**MATERIAL FOR THIS EXERCISE:**
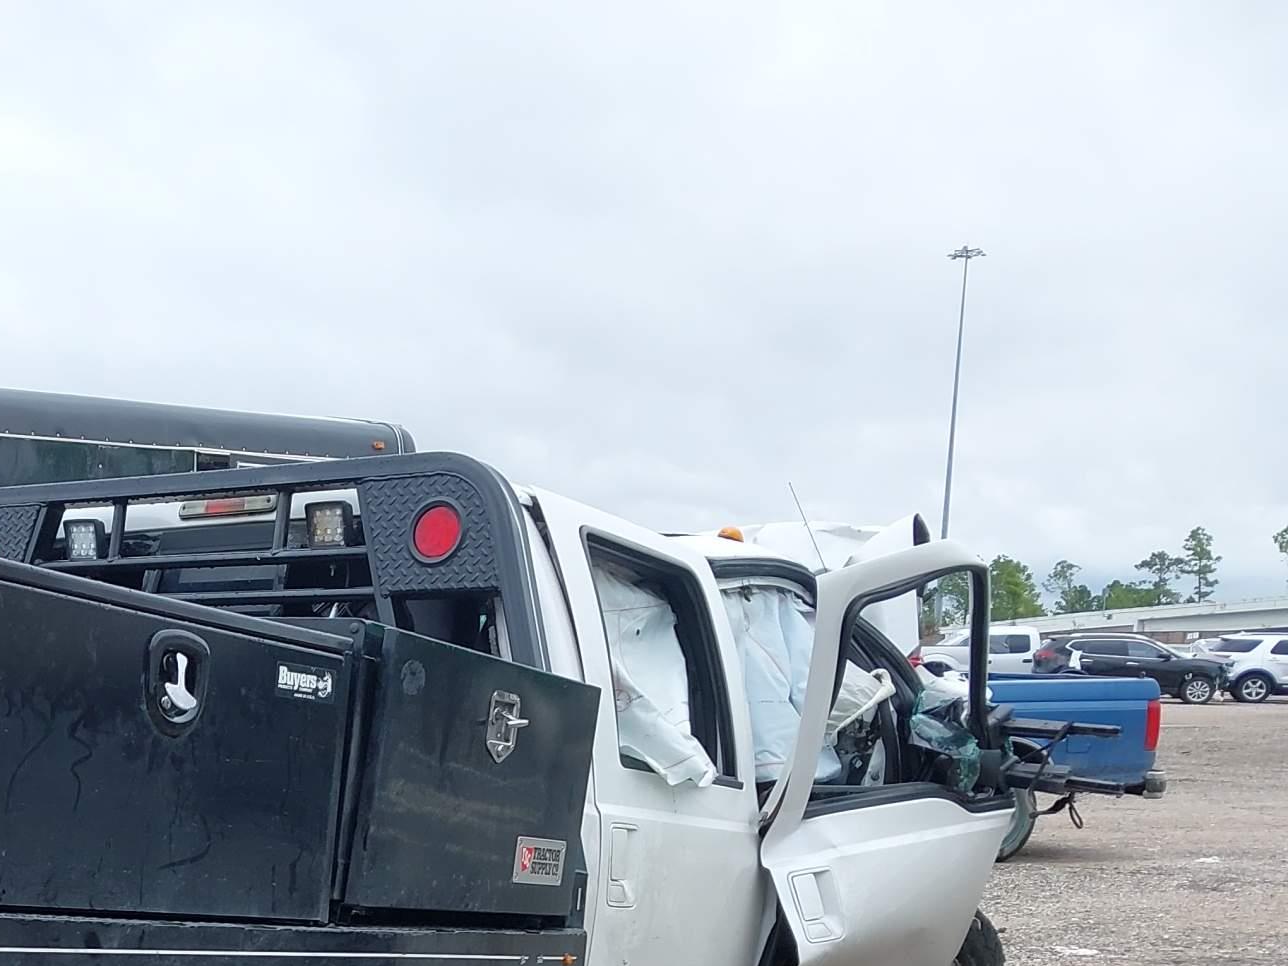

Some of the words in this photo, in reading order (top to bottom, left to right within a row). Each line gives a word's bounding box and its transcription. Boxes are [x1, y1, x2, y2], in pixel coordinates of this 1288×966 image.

[278, 665, 317, 690] Buyers
[533, 847, 561, 862] TRACTOR
[530, 861, 552, 875] SUPPLY
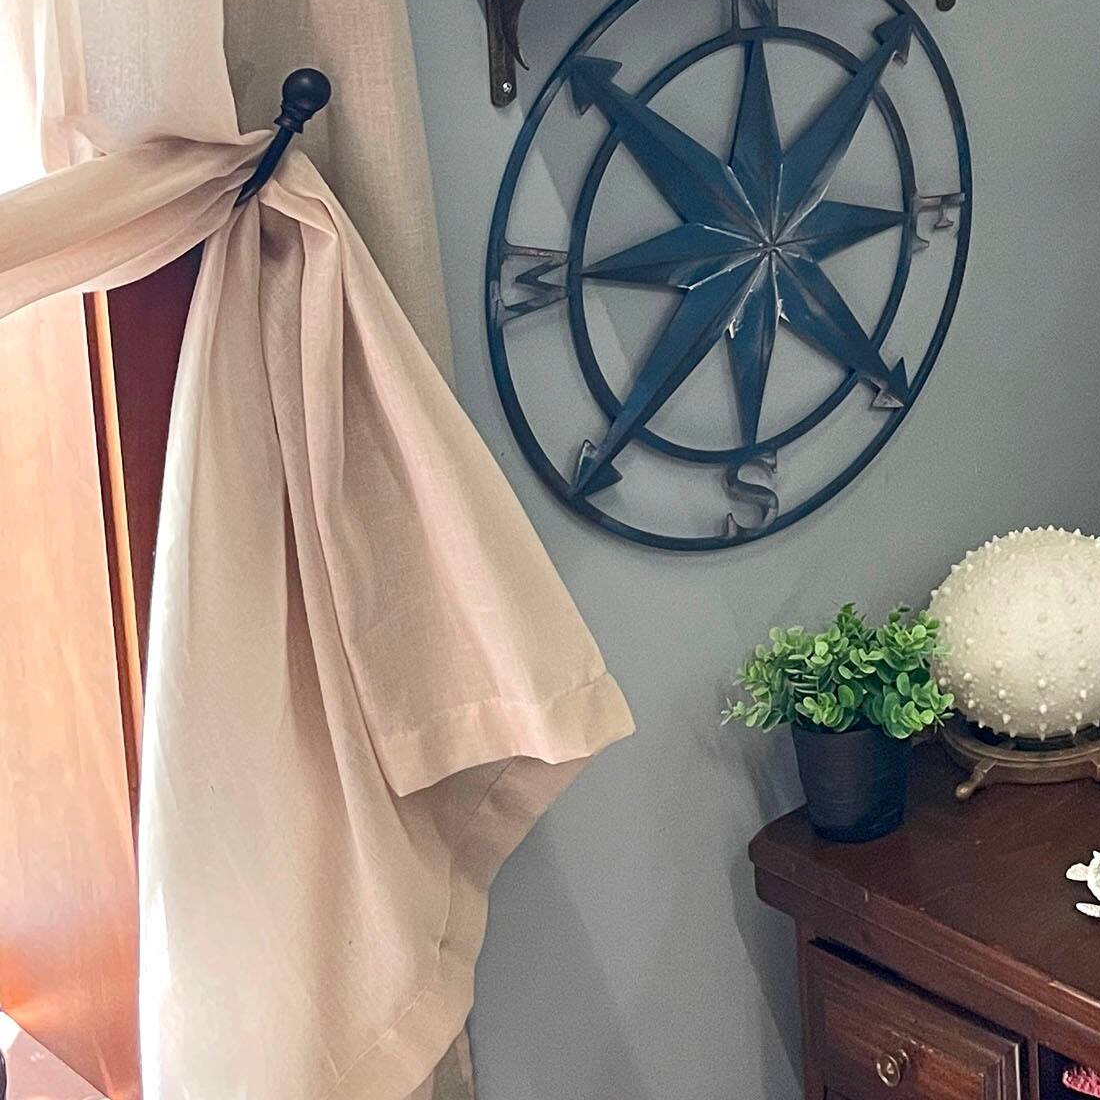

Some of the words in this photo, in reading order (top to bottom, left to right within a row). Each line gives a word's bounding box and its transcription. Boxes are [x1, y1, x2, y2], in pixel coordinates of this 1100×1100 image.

**EXERCISE GOAL:**
The data should be printed again unchanged; leave its pictures out.

**PROBLEM SOLUTION:**
Some of the words in this photo, in reading order (top to bottom, left to right within a row). Each line gives a word's bounding box and its transcription. Boxes are [x1, y1, x2, y2], in pixel coordinates of this 1288×966 image.

[278, 665, 317, 690] Buyers
[533, 847, 561, 862] TRACTOR
[530, 861, 552, 875] SUPPLY

Some of the words in this photo, in reading order (top to bottom, left to right within a row). Each line gives a word's bounding box and its transcription. Boxes are [x1, y1, x2, y2], in pixel coordinates of this 1100×1100 image.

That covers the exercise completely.